§ Raw data:

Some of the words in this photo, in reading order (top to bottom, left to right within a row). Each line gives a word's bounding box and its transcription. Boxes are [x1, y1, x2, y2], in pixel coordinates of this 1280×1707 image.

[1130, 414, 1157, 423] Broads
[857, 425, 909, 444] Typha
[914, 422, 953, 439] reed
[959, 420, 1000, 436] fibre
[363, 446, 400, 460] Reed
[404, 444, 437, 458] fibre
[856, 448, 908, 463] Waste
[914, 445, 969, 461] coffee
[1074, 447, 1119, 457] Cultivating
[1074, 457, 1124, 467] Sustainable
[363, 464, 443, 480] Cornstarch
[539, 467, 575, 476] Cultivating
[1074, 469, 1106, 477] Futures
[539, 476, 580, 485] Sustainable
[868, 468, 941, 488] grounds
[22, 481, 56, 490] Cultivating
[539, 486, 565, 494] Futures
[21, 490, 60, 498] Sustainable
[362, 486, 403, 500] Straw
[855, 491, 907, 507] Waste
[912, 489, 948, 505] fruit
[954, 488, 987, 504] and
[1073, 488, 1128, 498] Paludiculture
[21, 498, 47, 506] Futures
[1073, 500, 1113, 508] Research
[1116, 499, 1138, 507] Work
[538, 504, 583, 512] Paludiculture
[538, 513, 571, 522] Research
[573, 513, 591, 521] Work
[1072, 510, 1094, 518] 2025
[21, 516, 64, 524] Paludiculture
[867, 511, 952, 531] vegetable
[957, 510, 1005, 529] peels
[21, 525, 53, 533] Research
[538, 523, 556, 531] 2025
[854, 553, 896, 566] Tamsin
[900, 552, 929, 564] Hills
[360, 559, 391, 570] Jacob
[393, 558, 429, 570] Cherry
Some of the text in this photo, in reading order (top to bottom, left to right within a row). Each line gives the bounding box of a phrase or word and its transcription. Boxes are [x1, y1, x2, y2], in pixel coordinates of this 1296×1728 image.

§ Activity: Write out all the records above again, exactly as they stand.

§ Answer:
Some of the words in this photo, in reading order (top to bottom, left to right within a row). Each line gives a word's bounding box and its transcription. Boxes are [x1, y1, x2, y2], in pixel coordinates of this 1280×1707 image.

[1130, 414, 1157, 423] Broads
[857, 425, 909, 444] Typha
[914, 422, 953, 439] reed
[959, 420, 1000, 436] fibre
[363, 446, 400, 460] Reed
[404, 444, 437, 458] fibre
[856, 448, 908, 463] Waste
[914, 445, 969, 461] coffee
[1074, 447, 1119, 457] Cultivating
[1074, 457, 1124, 467] Sustainable
[363, 464, 443, 480] Cornstarch
[539, 467, 575, 476] Cultivating
[1074, 469, 1106, 477] Futures
[539, 476, 580, 485] Sustainable
[868, 468, 941, 488] grounds
[22, 481, 56, 490] Cultivating
[539, 486, 565, 494] Futures
[21, 490, 60, 498] Sustainable
[362, 486, 403, 500] Straw
[855, 491, 907, 507] Waste
[912, 489, 948, 505] fruit
[954, 488, 987, 504] and
[1073, 488, 1128, 498] Paludiculture
[21, 498, 47, 506] Futures
[1073, 500, 1113, 508] Research
[1116, 499, 1138, 507] Work
[538, 504, 583, 512] Paludiculture
[538, 513, 571, 522] Research
[573, 513, 591, 521] Work
[1072, 510, 1094, 518] 2025
[21, 516, 64, 524] Paludiculture
[867, 511, 952, 531] vegetable
[957, 510, 1005, 529] peels
[21, 525, 53, 533] Research
[538, 523, 556, 531] 2025
[854, 553, 896, 566] Tamsin
[900, 552, 929, 564] Hills
[360, 559, 391, 570] Jacob
[393, 558, 429, 570] Cherry
Some of the text in this photo, in reading order (top to bottom, left to right within a row). Each line gives the bounding box of a phrase or word and its transcription. Boxes are [x1, y1, x2, y2], in pixel coordinates of this 1296×1728 image.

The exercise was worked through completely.